Optimal feature selection for COVID-19 detection with CT images enabled by metaheuristic optimization and artificial intelligence

Abstract
There is a broad range of novel Coronaviruses (CoV) such as the common cold, cough, and severe lung infections. The mutation of this virus, which originally started as COVID-19 in Wuhan, China, has continued the rapid spread globally. As the mutated form of this virus spreads across the world, testing and screening procedures of patients have become tedious for healthcare departments in largely populated countries such as India. To diagnose COVID-19 pneumonia by radiological methods, high-resolution computed tomography (CT) of the chest has been considered the most precise method of examination. The use of modern artificial intelligence (AI) techniques on chest high-resolution computed tomography (HRCT) images can help to detect the disease, especially in remote areas with a lack of specialized physicians.

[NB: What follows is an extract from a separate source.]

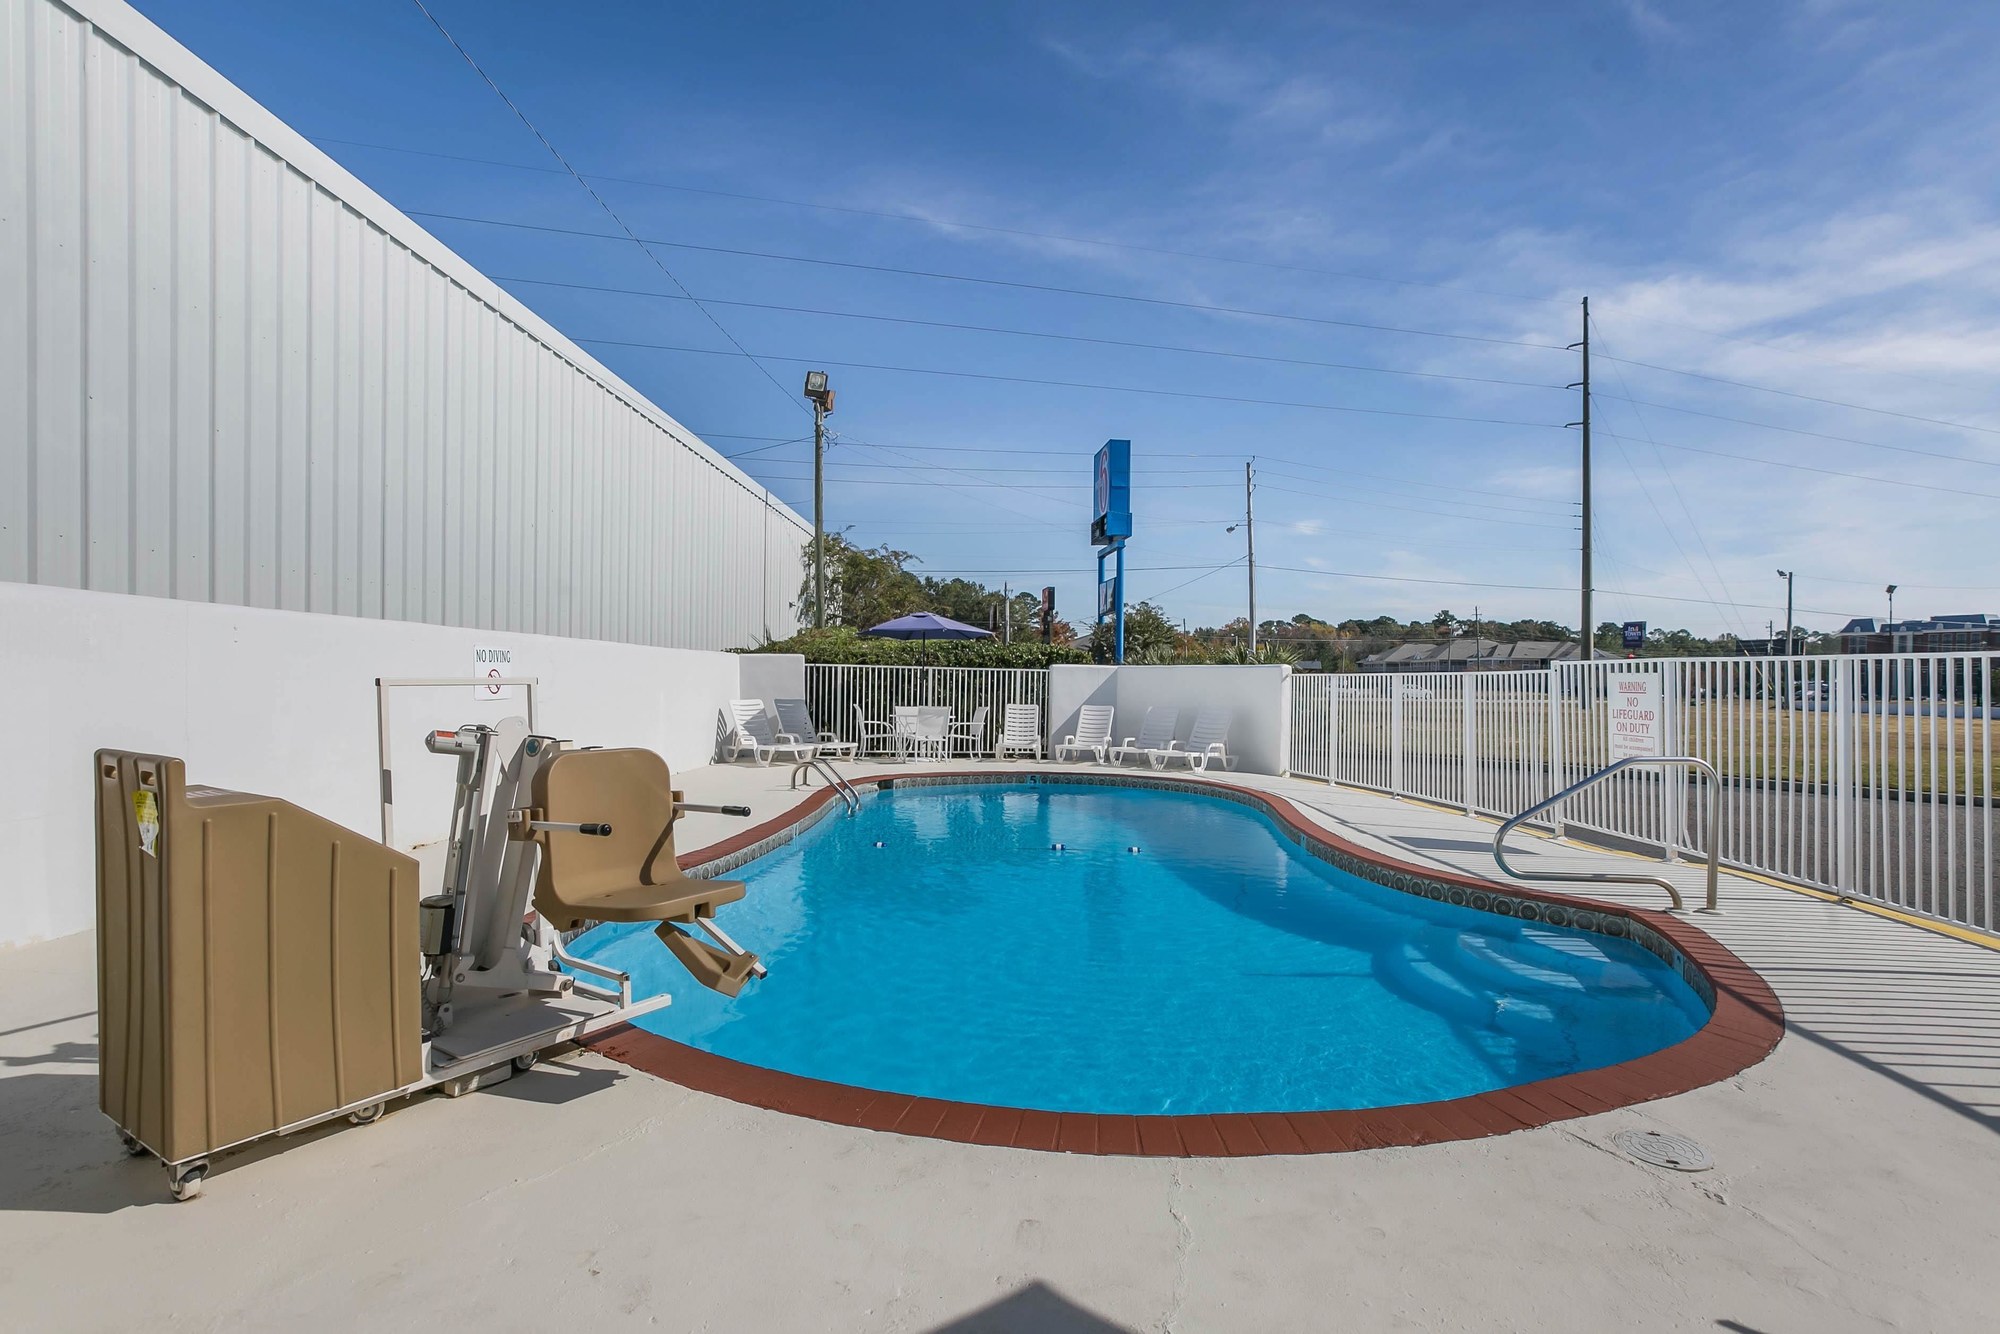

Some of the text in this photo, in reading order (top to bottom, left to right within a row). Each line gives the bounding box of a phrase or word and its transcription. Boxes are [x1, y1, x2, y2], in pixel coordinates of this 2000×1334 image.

This article presents a novel metaheuristic algorithm for automatic COVID-19 detection using a least square support vector machine (LSSVM) classifier for three classes namely normal, COVID, and pneumonia. The proposed model results in a classification accuracy of 87.2% and an F1-score of 86.3% for multiclass classifications from simulations. The analysis of information transfer rate (ITR) revealed that the modified quantum-based marine predators algorithm (Mq-MPA) feature selection algorithm reduces the classification time of LSSVM by 23% when compared to the deep learning models.